Three years ago I started my own business, ScooterFood LLC, a homemade dog food manufacturing company inspired by my dog, Scooter Mae (left). I’m happy to say that in 2007, ScooterFood is a thriving business but at the beginning I was a complete novice—and out of work. I had the entrepreneurial spirit but no expertise. I had no money. But I did have my public library card.
Now, my Rolodex looks like a game of 6 degrees of separation—not from Kevin Bacon but from the Brooklyn Business Library [BBL]. Nearly every important business contact I’ve made from marketing consultant to commercial kitchen came through a primary contact at the library. Really. I’ve mapped it out.
Let’s explore one string of connections. This one includes invaluable mentoring, a New York Times article and an appearance on ABC news.

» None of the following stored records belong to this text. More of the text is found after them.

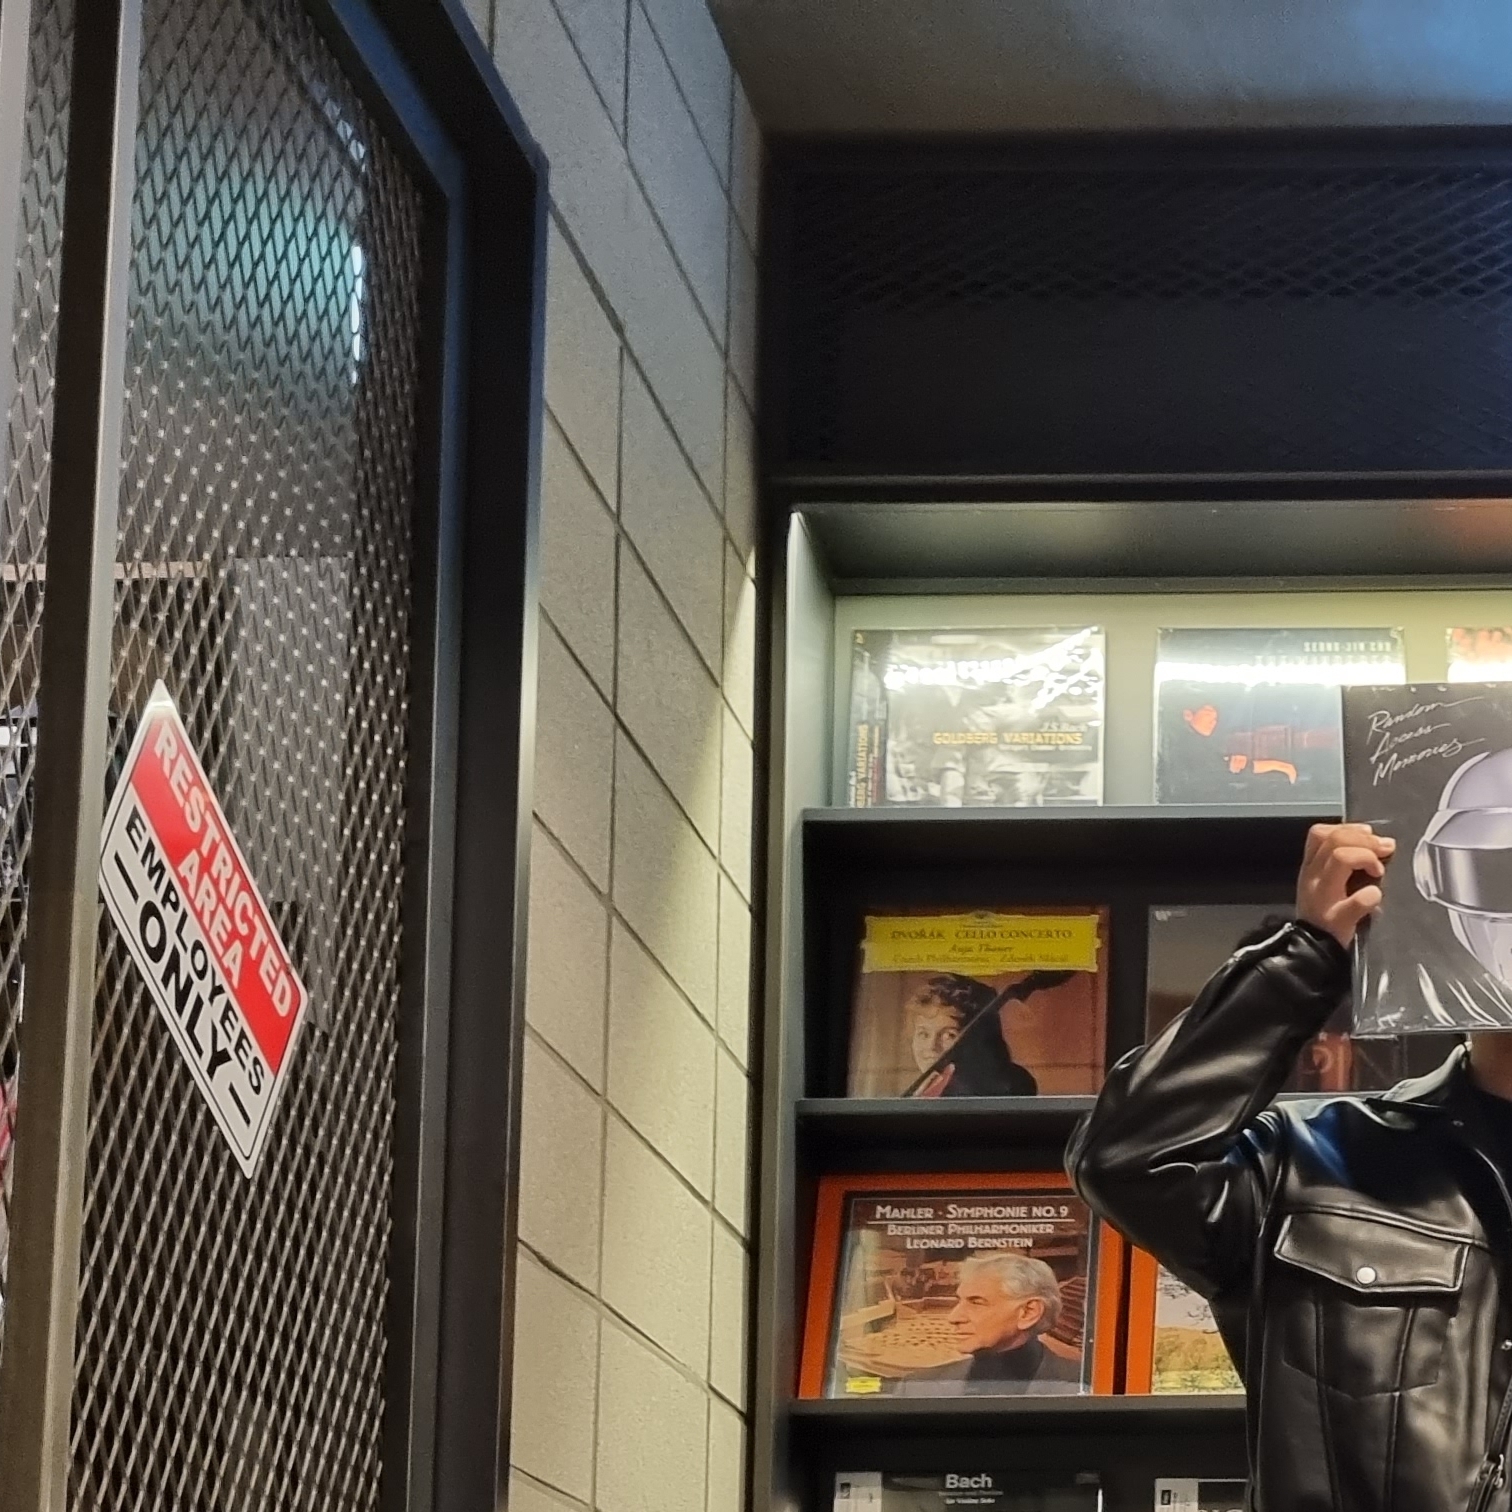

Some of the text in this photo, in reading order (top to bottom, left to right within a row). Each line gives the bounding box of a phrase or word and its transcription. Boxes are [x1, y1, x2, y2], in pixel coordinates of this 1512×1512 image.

[932, 731, 1083, 745] GOLDBERG VARIATIONS
[1366, 697, 1485, 745] Random
[1370, 722, 1452, 765] Access
[1372, 737, 1487, 787] Memories
[154, 721, 294, 1018] RESTRICTED
[177, 849, 243, 986] AREA
[1000, 930, 1073, 940] CONCERTO
[125, 804, 266, 1096] EMPLOYEES
[138, 901, 232, 1083] ONLY
[875, 1203, 1069, 1219] MAHLER SYMPHONIE NO. 9
[887, 1222, 1055, 1236] BERLINER PHILHARMONIKER
[906, 1236, 1033, 1250] LEONARD BERNSTEIN
[945, 1473, 993, 1488] Bach

In November 2004 I went to a BBL seminar on learning to write a business plan. There I met Angel Roman from the New York State Small Business Development Center [NYS SBDC]. He introduced me to Miriam Colon, an SBDC advisor, who became an important ScooterFood mentor. Miriam helped me through the first phase of a well-written business plan, which led to a blurb in the New York State SBDC annual report. Joseph Fried of the New York Times read that blurb, and on July 9, 2006, the Times published an article Fried wrote about me. And it was that article that led to my 2007 appearance on ABC news.
A second string of connections begins at the library, extends to the Brooklyn Chamber of Commerce, and ends in pro bono counsel for ScooterFood. The library gave me a discount on Chamber membership. The Chamber put me in touch with New York Business Solutions. And New York Business Solutions sent my business plan to various partners, resulting in ScooterFood’s pro bono legal representation by the extremely well respected Manhattan firm of Schulte Roth & Zabel. This law firm incorporated ScooterFood as an LLC in October 2005 and trademarked our name—all at no cost to me.
There are so many other leads I got through the library; it is an unbelievably rich resource that nurtures small business. In addition, the library acts as a clearing house and network for other non-profits interested in helping entrepreneurs get off the ground.
Then there are the librarians: knowledgeable, supportive, encouraging. They are the people who pointed me in the right direction and helped me ask the right questions. The librarians were the first degree of separation between me and all the invaluable information I gathered.
I have to get back to my cooking (in the commercial kitchen owned by the woman I met at a library function). Then I’m going to call the bank, which is considering a line of credit for ScooterFood—another opportunity that came through contacts at the library.) You get the idea.